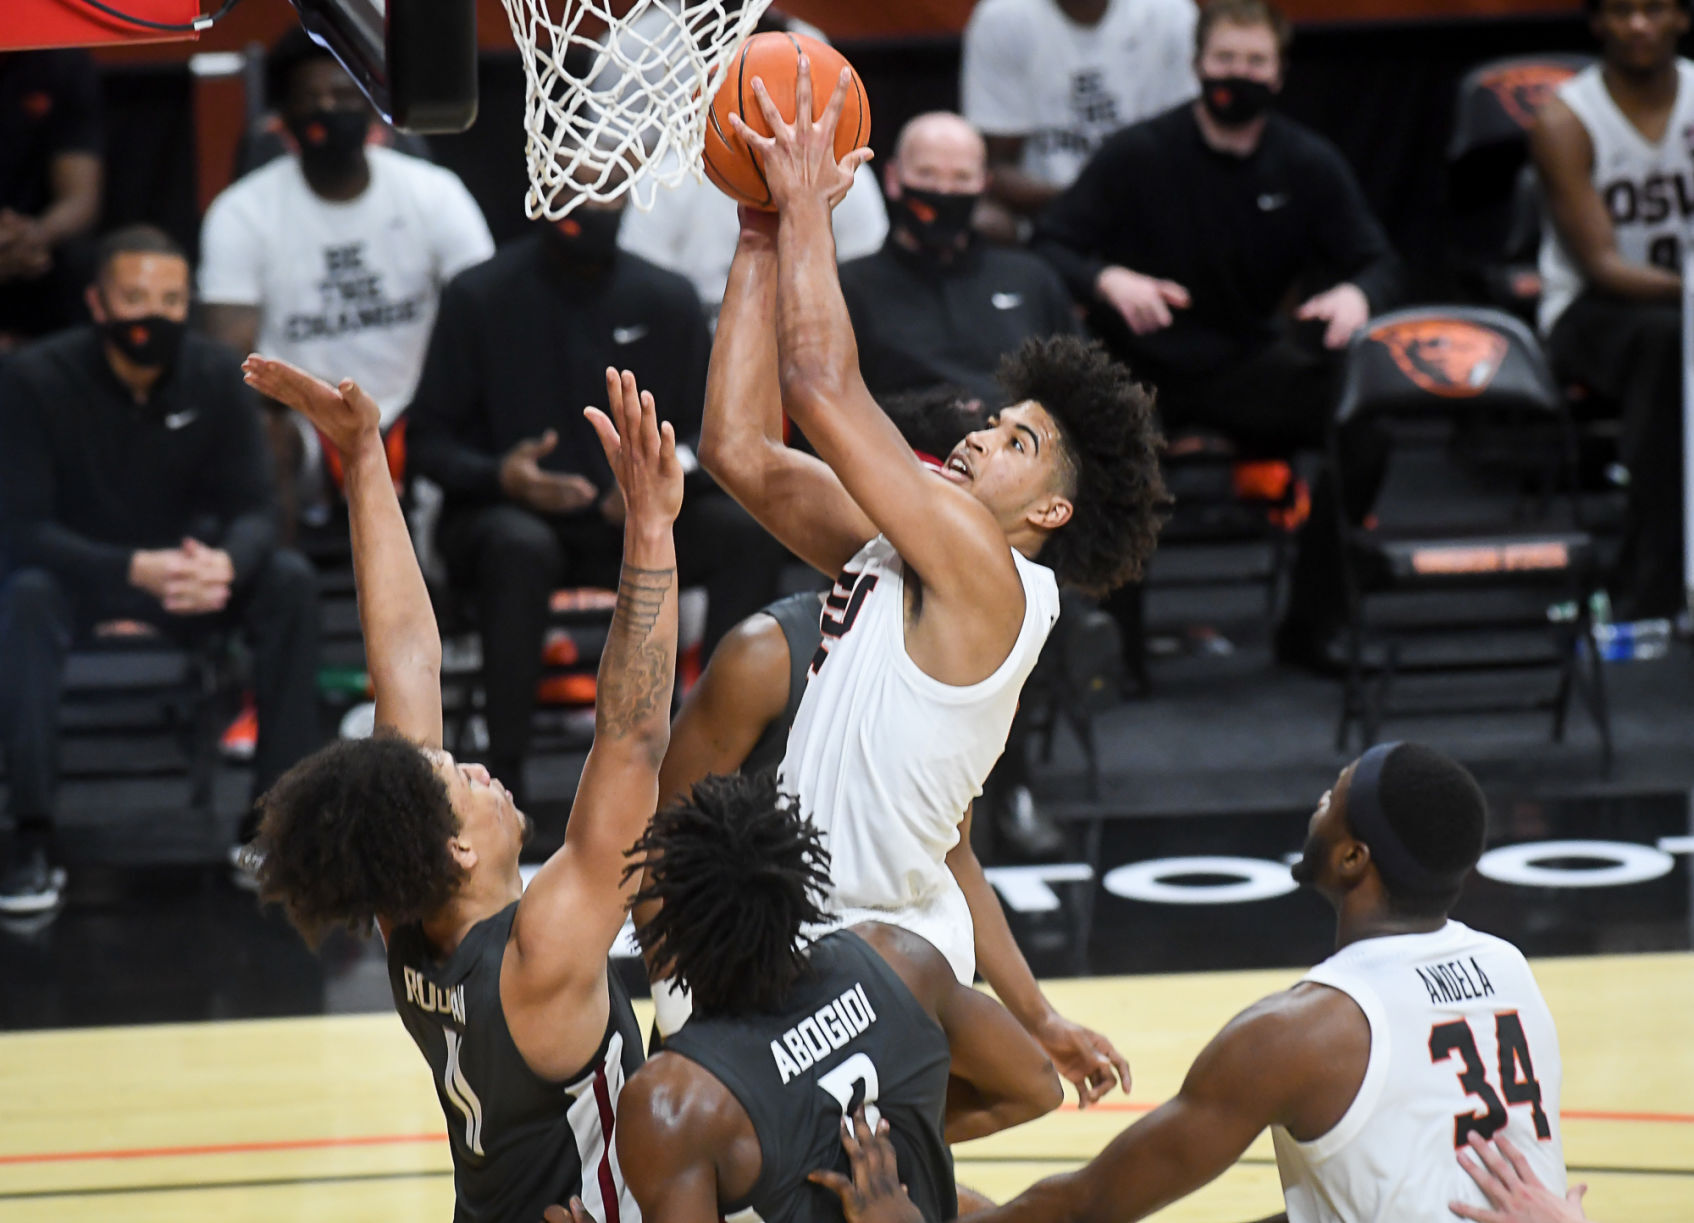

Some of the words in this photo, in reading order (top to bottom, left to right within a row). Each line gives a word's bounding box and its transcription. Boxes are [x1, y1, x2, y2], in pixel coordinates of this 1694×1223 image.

[1415, 956, 1495, 1004] ANDELA
[770, 981, 877, 1085] ABOGIDI
[1428, 1008, 1551, 1150] 34
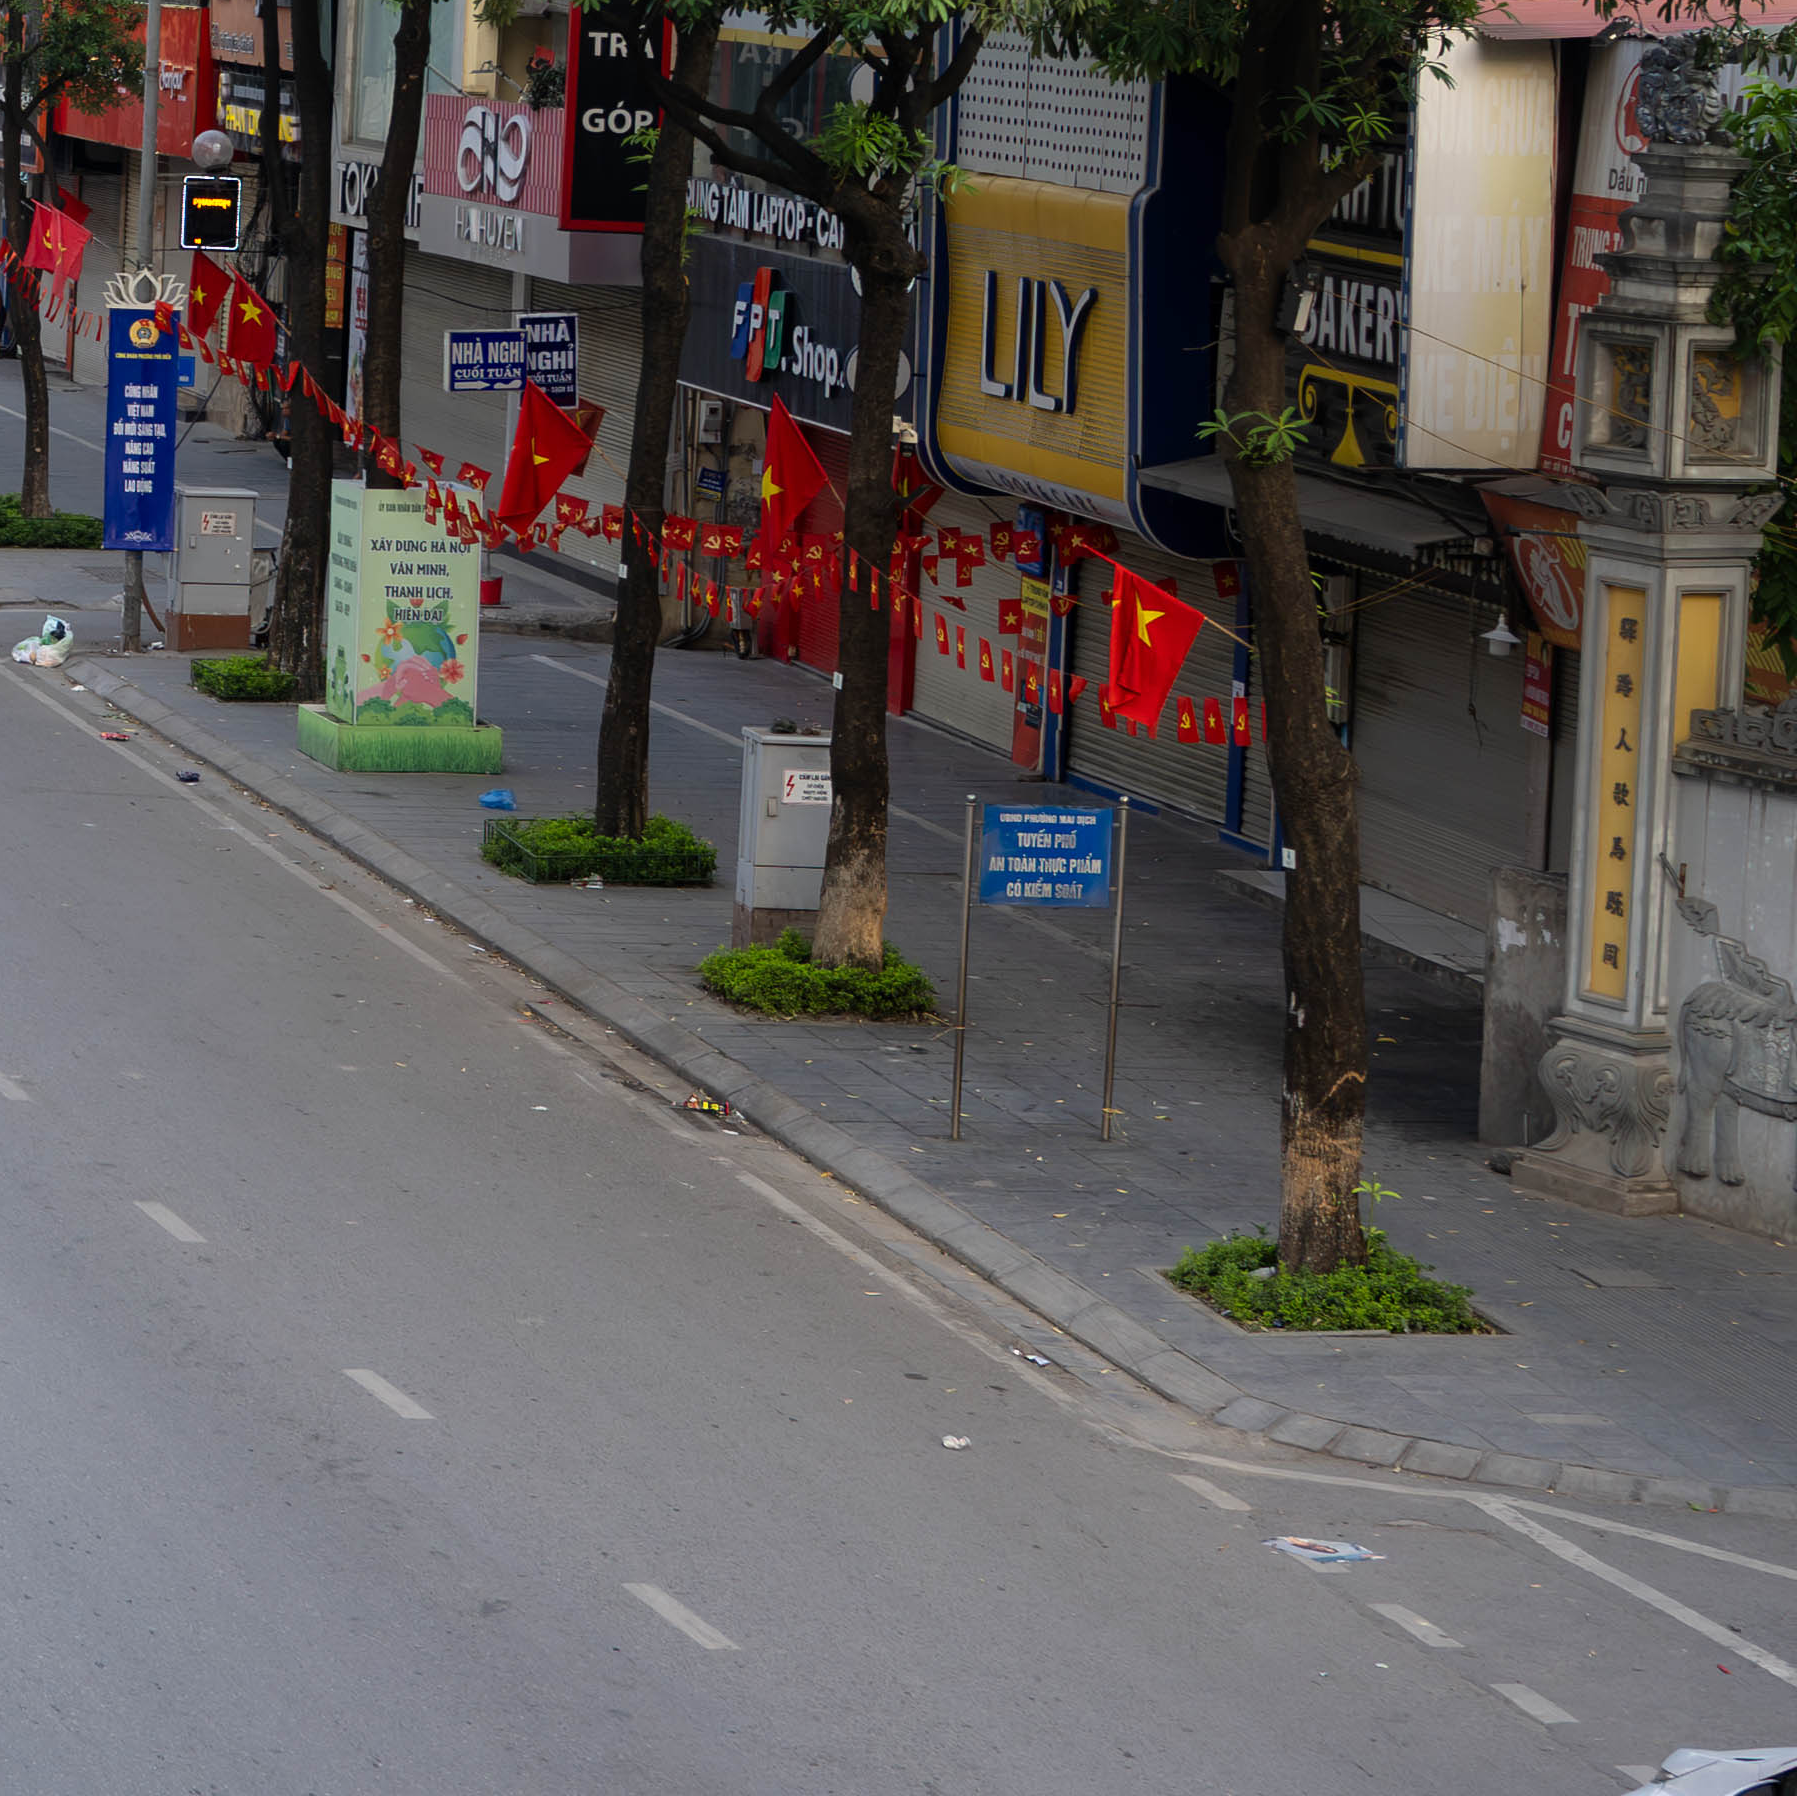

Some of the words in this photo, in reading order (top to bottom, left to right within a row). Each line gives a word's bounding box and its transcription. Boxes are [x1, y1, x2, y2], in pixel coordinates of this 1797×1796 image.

[582, 100, 654, 135] GÓP
[1608, 163, 1635, 192] Dầu
[722, 175, 750, 230] TÂM
[753, 192, 806, 242] LAPTOP
[1420, 214, 1462, 294] XE
[1471, 197, 1548, 294] MÁY
[525, 319, 571, 343] NHÀ
[980, 270, 1099, 414] LILY
[451, 337, 484, 365] NHÀ
[488, 334, 525, 365] NGHỈ
[527, 342, 574, 371] NGHỈ
[454, 365, 484, 379] CUỐI
[1416, 352, 1456, 435] XE
[1462, 336, 1542, 452] ĐIỆN
[124, 479, 136, 493] LAO
[370, 537, 393, 552] XÂY
[395, 539, 427, 555] DỰNG
[384, 585, 423, 599] THANH
[1059, 815, 1076, 825] MAI
[1017, 828, 1052, 849] TUYẾN
[1054, 829, 1078, 850] PHỐ
[988, 855, 1006, 872] AN
[1007, 854, 1037, 873] TOÀN
[1068, 852, 1102, 875] PHẨM
[1006, 879, 1022, 898] CÓ
[1023, 877, 1053, 899] KIỂM
[1054, 881, 1084, 900] SOÁT
------------------------------------------------------------
• [Problem statement]:
What's needed is every line above, retyped exactly and free of pictures.

• [Result of this exercise]:
Some of the words in this photo, in reading order (top to bottom, left to right within a row). Each line gives a word's bounding box and its transcription. Boxes are [x1, y1, x2, y2], in pixel coordinates of this 1694×1223 image.

[1415, 956, 1495, 1004] ANDELA
[770, 981, 877, 1085] ABOGIDI
[1428, 1008, 1551, 1150] 34

Some of the words in this photo, in reading order (top to bottom, left to right within a row). Each line gives a word's bounding box and its transcription. Boxes are [x1, y1, x2, y2], in pixel coordinates of this 1797×1796 image.

[582, 100, 654, 135] GÓP
[1608, 163, 1635, 192] Dầu
[722, 175, 750, 230] TÂM
[753, 192, 806, 242] LAPTOP
[1420, 214, 1462, 294] XE
[1471, 197, 1548, 294] MÁY
[525, 319, 571, 343] NHÀ
[980, 270, 1099, 414] LILY
[451, 337, 484, 365] NHÀ
[488, 334, 525, 365] NGHỈ
[527, 342, 574, 371] NGHỈ
[454, 365, 484, 379] CUỐI
[1416, 352, 1456, 435] XE
[1462, 336, 1542, 452] ĐIỆN
[124, 479, 136, 493] LAO
[370, 537, 393, 552] XÂY
[395, 539, 427, 555] DỰNG
[384, 585, 423, 599] THANH
[1059, 815, 1076, 825] MAI
[1017, 828, 1052, 849] TUYẾN
[1054, 829, 1078, 850] PHỐ
[988, 855, 1006, 872] AN
[1007, 854, 1037, 873] TOÀN
[1068, 852, 1102, 875] PHẨM
[1006, 879, 1022, 898] CÓ
[1023, 877, 1053, 899] KIỂM
[1054, 881, 1084, 900] SOÁT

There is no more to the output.